Tenet

Très attendu pour relancer l'économie cinématographique, Tenet, le nouveau film du réalisateur Christopher Nolan à qui l'on doit InceptionInterstellar ou encore la trilogie Batman, est enfin sorti sur les écrans français quelques jours avant la sortie américaine. Si le concept est accrocheur, le film dans son ensemble peine à convaincre totalement.

Le Protagoniste participe à une mission périlleuse et affronte une menace venue du futur dans le but d'éviter une Troisième Guerre mondiale 

Tenter de résumer Tenet est un exercice difficile, surtout si l'on veut éviter de divulguer des éléments-clés de l'intrigue même s'il pourrait y avoir un résumé encore plus simple qui prouve à quel point le film est fragile sur certains points scénaristiques.

 

Ce n'est pas tant la question de l'inversion temporelle qui pose problème, c'est d'ailleurs le seul élément qui parvient à maintenir le spectateur attentif tout au long des deux heures trente du film même si la fin amène une certaine confusion et nous fait nous poser quelques questions.

 

Non, ce sont plutôt les personnages, les protagonistes tout comme les antagonistes pour lesquels il n'y a rien de novateur dans le genre de l'espionnage. Tenet évite de justesse le basculement dans le cliché complet mais une scène avec l'antagoniste reste tout de même à la limite du risible, le jeu de Kenneth Branagh laissant à désirer, l'acteur peinant à être aussi convaincant que les antagonistes de sagas comme James Bond ou Mission : Impossible. Le duo John David Washington / Robert Pattinson fonctionne quant à lui plutôt bien et suffit pour dégager un peu d'émotion sur la fin. 

Si la narration est plutôt fluide dans chaque scène, certains raccords peuvent faire tiquer le spectateur mais cela permet aussi d'amorcer la question du temps, au cœur du film mais qui est également très chère à Nolan, par le biais du montage.

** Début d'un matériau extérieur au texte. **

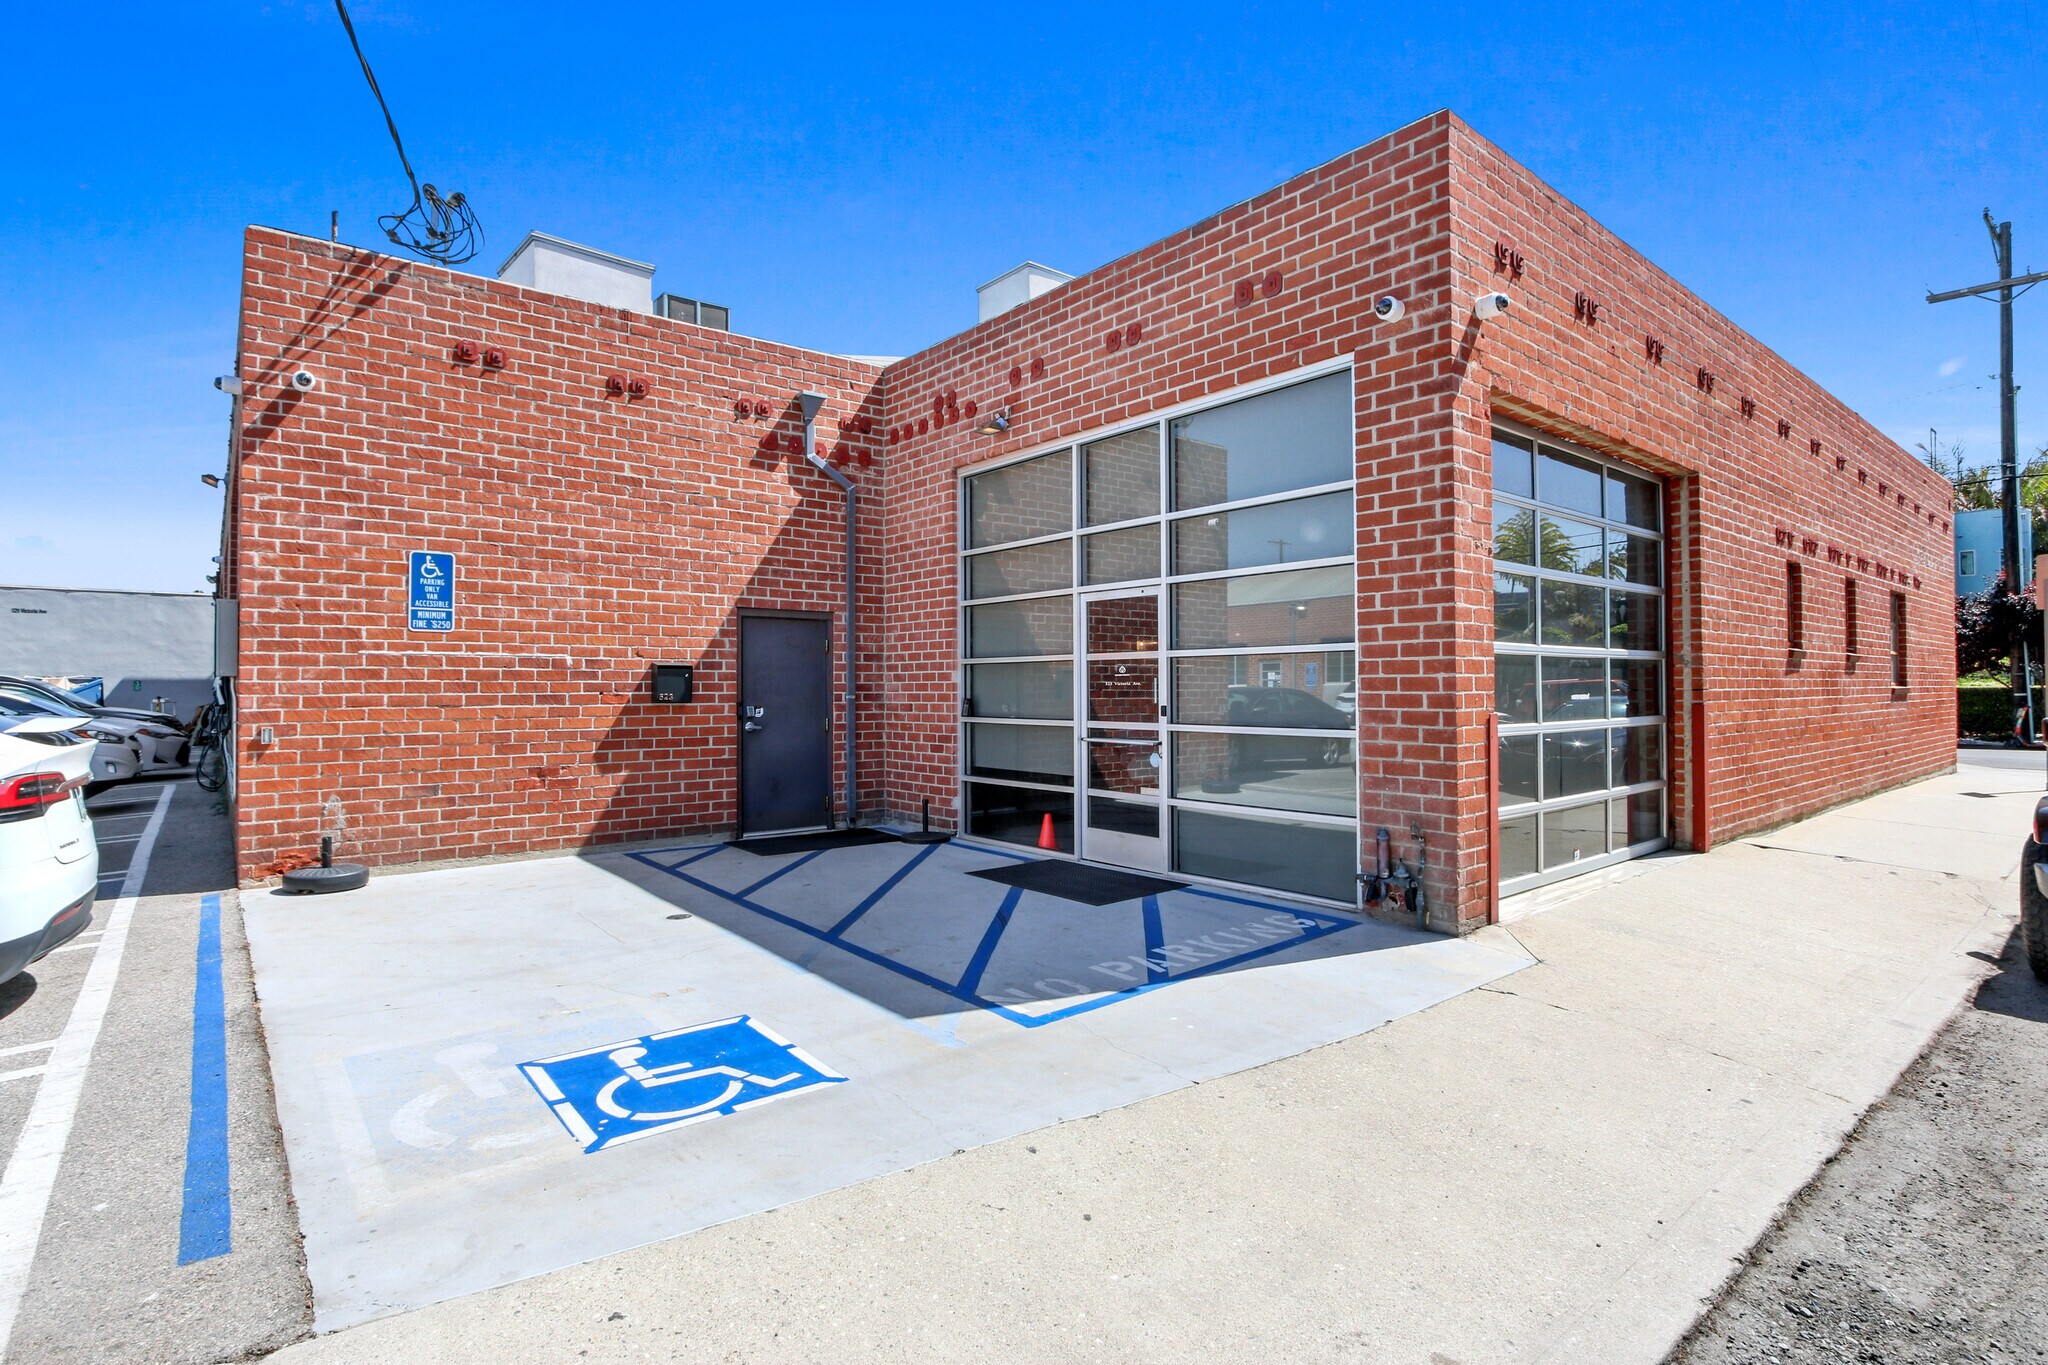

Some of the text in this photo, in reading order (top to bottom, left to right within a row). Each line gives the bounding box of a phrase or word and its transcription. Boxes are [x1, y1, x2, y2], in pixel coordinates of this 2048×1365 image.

Mais il est difficile pour Tenet de tenir le rythme. 

En effet, alors que le film démarre sur une séquence immersive à couper le souffle et il y a une certaine curiosité, des interrogations qui se forment petit à petit dans l'esprit du spectateur, dès lors que l'inversion temporelle est expliquée, certains passages deviennent moins surprenants et plutôt attendus, surtout au vu de certains plans bien insistants. La redondance qui survient dans la deuxième moitié du film lors de certaines séquences dues à la question de l'inversion temporelle sont bien amenées mais on se demande bien si un vrai plus va pouvoir être apporté par la suite.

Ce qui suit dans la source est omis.